Desde que escaparon de la colonia, Agnes y su marido deambularon por todo Chile buscando un lugar, una casa, la posibilidad de una vida. Cuando los conocí, malvivían en Chiloé, pero antes ya habían pasado por dos o tres lugares y en cada sitio las experiencias fueron desastrosas. Luego los reencontré en Santiago, abrumados e infelices, viviendo allegados en casa de Fernández, el abogado que los representa. Allí los frecuenté muchas veces y después les perdí la pista. Hasta hace dos semanas. Pura casualidad. En las afueras del supermercado en el que hago la compra cada sábado, la vi. Agnes estaba en el paradero de micros. Me reconoció al instante, aunque había pasado mucho tiempo desde la última vez que nos habíamos visto. Yo la reconocí también: es inconfundible. No se parece a nadie. El pelo encanecido y ralo, acomodado primorosamente con un cintillo infantil; los lentes setenteros, enormes, rosados. Su ropa pasada de moda, las sandalias con calcetines. Su manera de estar en la calle, entre admirada y espantada. Le pregunté cómo se encontraba. Por formalidad, con temor a que una vez más me hiciera sentir que le debía algo, que ella y su marido necesitaban algo que yo podía pero no quería dar. Me abrazó, y sentí que realmente estaba contenta de verme. Le dije, tal vez porque quedé atribulada con el abrazo, que me habían invitado a Parral a dar un curso. Fíjese, qué ironía, voy a tener que volver allí, agregué. Se apartó un poco y me miró de arriba abajo.

Entonces puedes llevarle el chelo a mi hermana, soltó de pronto, tan contenta y tan tajante, con aquella inocencia y aquella seguridad de cosa ya decidida, que tanto me incomodaba el tiempo en que los frecuenté.

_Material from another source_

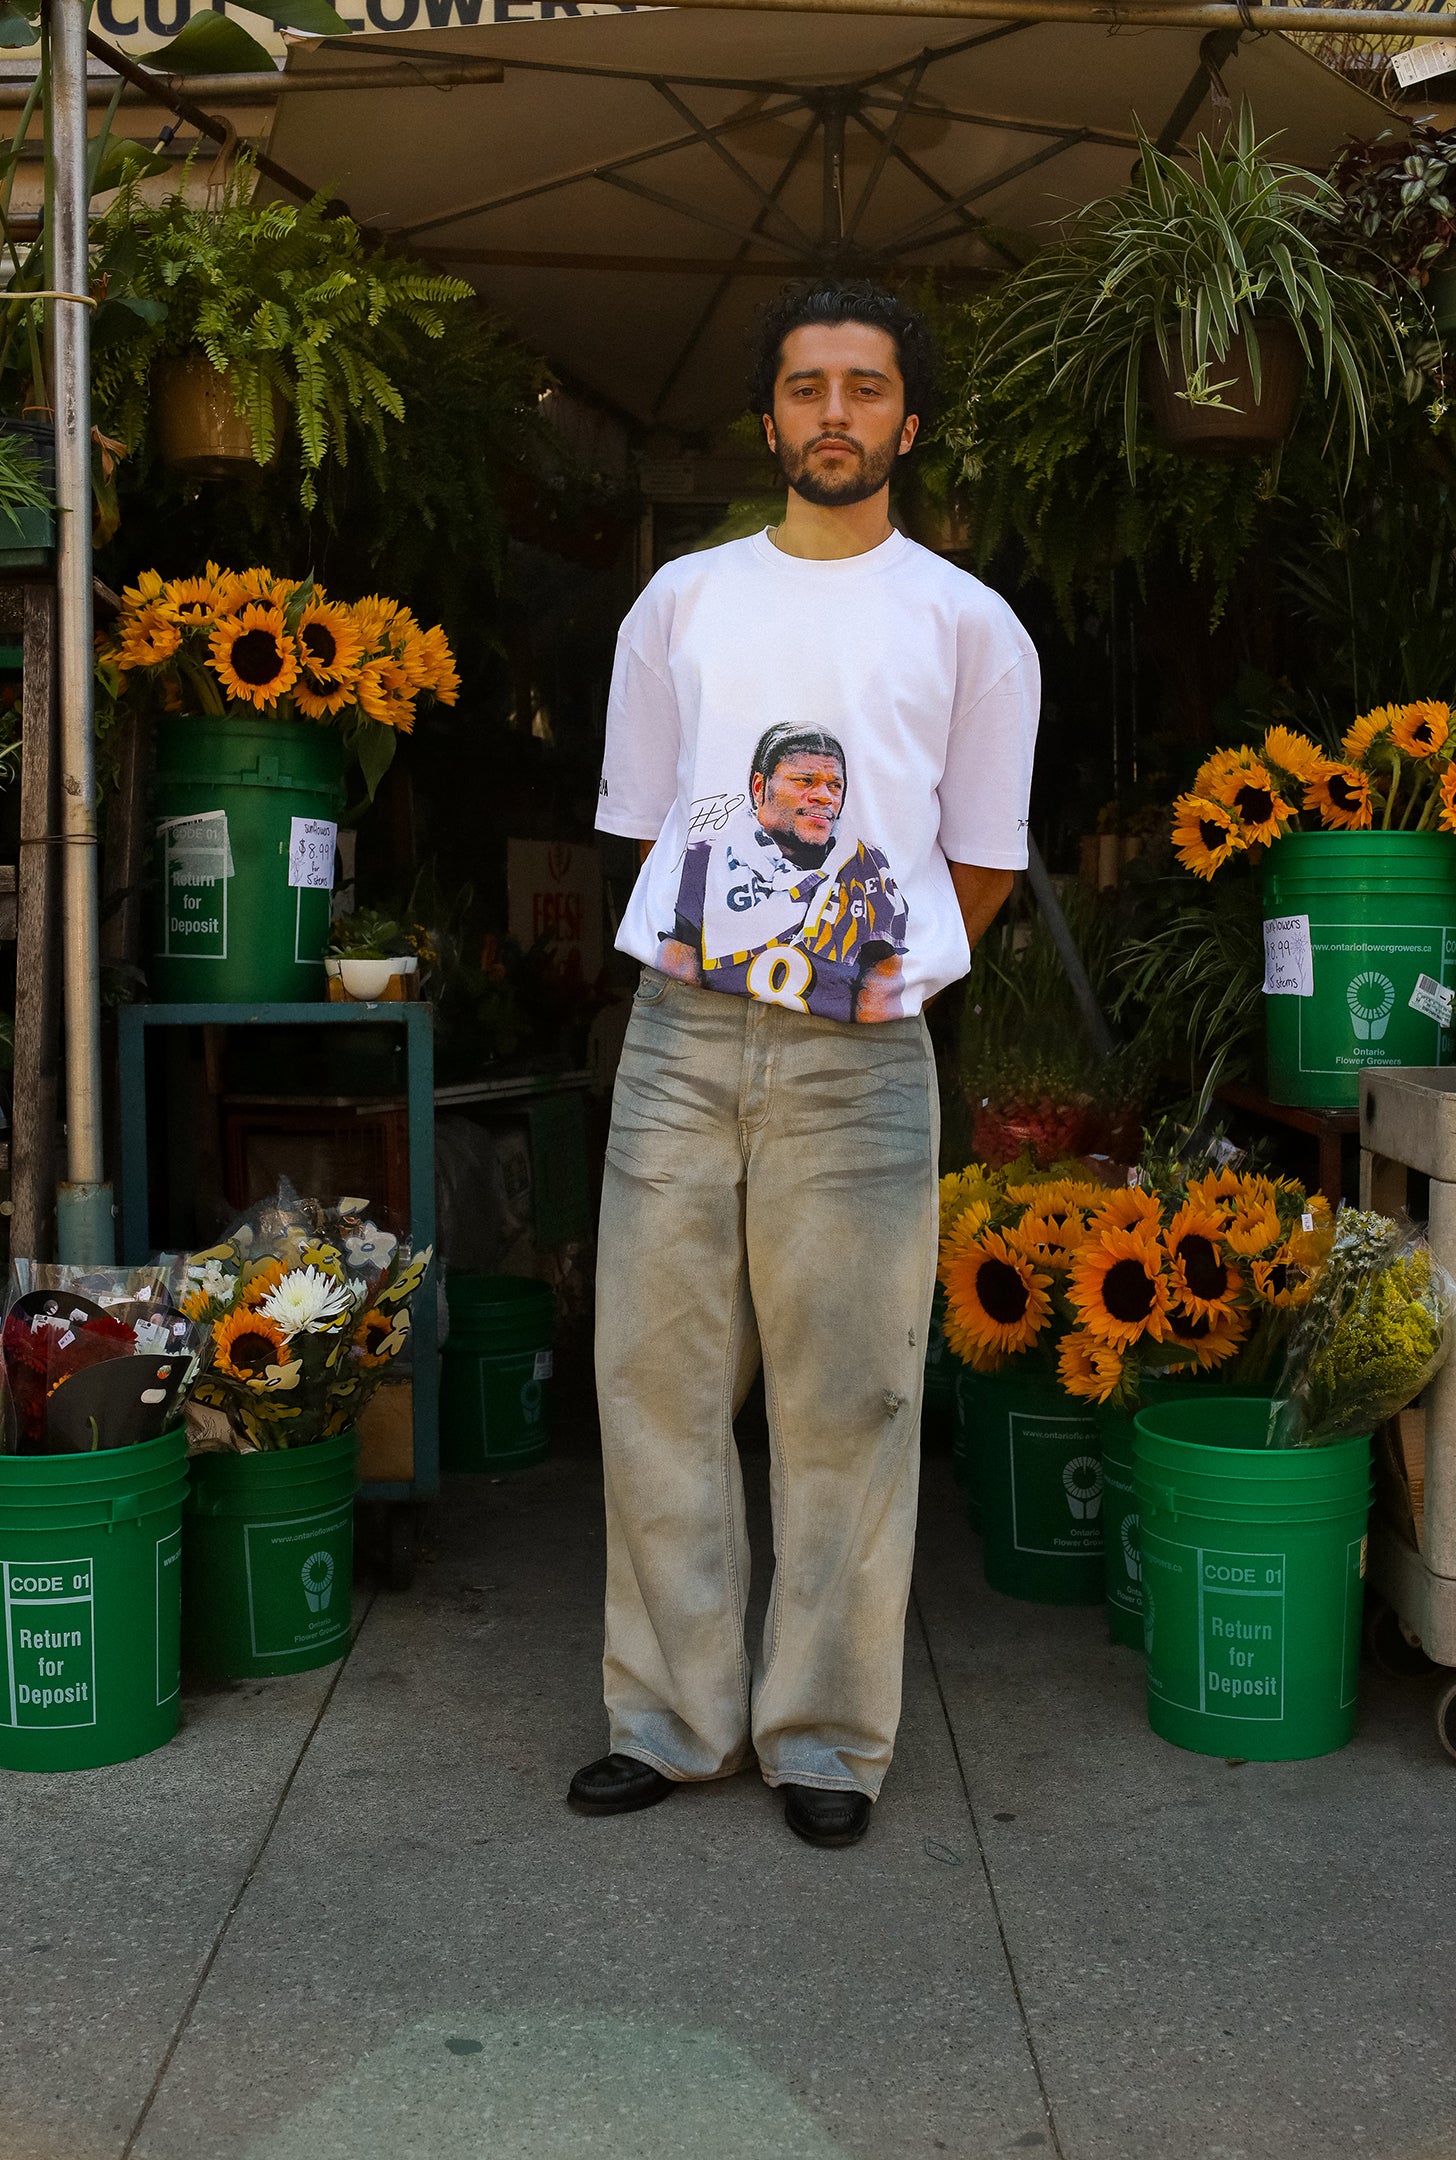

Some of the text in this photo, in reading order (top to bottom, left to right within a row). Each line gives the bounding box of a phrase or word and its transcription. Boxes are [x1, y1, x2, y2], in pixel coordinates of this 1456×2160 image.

¿A la colonia? ¿A tu hermana que vive en la colonia?

Sí, sí, contestó, feliz. Y entonces fue cuando me contó a tropezones que por fin ella y su marido habían encontrado un lugar, un buen lugar, una comunidad armoniosa, con gente buena, dispuesta a ayudarlos. Se estaban mudando a una finca en Pirque. Y ella necesitaba deshacerse de aquel chelo. Y también hacer las paces con Lutgarda.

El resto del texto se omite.